Pope Francis criticizes 'double-life' Catholics

Monsignor Konrad Krajewski right stands with a cheese maker in Camerino central Italy Wednesday Feb. 23 2017. Pope Francis's chief alms-giver is on a shopping spree in quake-struck central Italy buying up prosciutto cheese and local produce from

Monsignor Konrad Krajewski right stands with a cheese maker in Camerino central Italy Wednesday Feb. 23 2017. Pope Francis's chief alms-giver is on a shopping spree in quake-struck central Italy buying up prosciutto cheese and local produce from

During a speech delivered earlier today in Rome, the head of the 1.2 billion-member Roman Catholic Church delivered another criticism of some members.

"Scandal is saying one thing and doing another; it is a double life", he told attendees, according to a transcription from Vatican Radio.
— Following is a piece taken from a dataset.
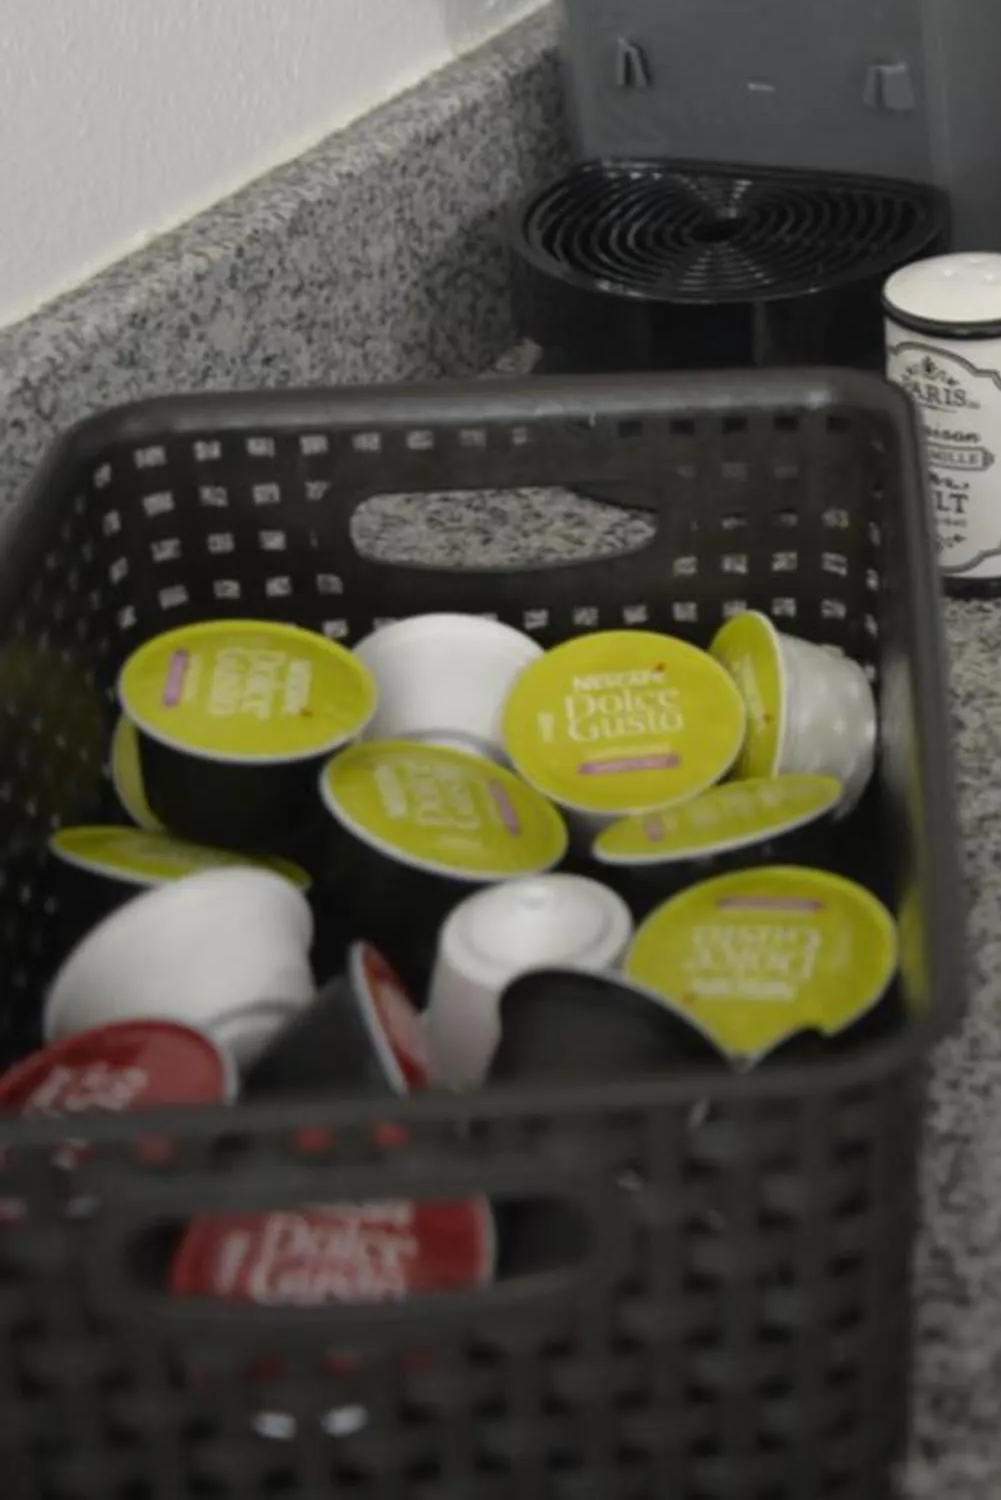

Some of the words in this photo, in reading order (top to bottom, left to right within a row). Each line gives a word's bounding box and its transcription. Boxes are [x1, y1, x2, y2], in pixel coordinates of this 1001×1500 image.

Pope Francis has seemed to suggest it is better to be an atheist than one of "many" Catholics who he said lead a hypocritical double life.

From those who lead double lives to others who run dirty businesses and stiff their workers, the Pope made it clear he didn't want the likes of these so-called Christians soiling his flock.

"A totally double life: 'I am very Catholic [Christian], I always go to Mass [church], I belong to this association and that one; but my life is not Christian, I don't pay my workers a just wage, I exploit people, I am dirty in my business, I launder money".

Taking these types of Catholics into account, the Pope voiced out: "How many times have we all heard people say "if that person is a Catholic, it is better to be an atheist". And it is an offense that the Pope wasted little time lashing out at fake Christians over and whom he said would be better off being a non-believer, an atheist, than a "bad Christian".

Monsignor Konrad Krajewski right holds a prosciutto ham as he poses with a prosciutto farmer in Camerino central Italy Wednesday Feb. 23 2017. Pope Francis's chief alms-giver is on a shopping spree in quake-struck central Italy buying up prosciutt
The food was handed out at soup kitchens in Rome

"Let us think about this", Francis said, closing his remarks.

Francis is consistent in telling Catholics - not only believers, but priests as well - to practice what they preach.

Catholic leader, Pope Francis, criticized Catholics on Thursday, accusing them of leading a "double life".

Perhaps most disturbing, commenting on the Charlie Hebdo massacre, Francis declared "one cannot make fun of faith" and that anyone who throws insults can expect a "punch", offering a tacit justification for terror and violence in response to a cartoon making fun of religious superstition.

Francis has also engaged on topics concerning atheists on a number of occasions, and in a September 2013 interview with La Repubblica newspaper suggested that God's mercy extends to atheists as well. And let us profit from the Word of the Lord and consider the fact that on this point, the Lord is very strict.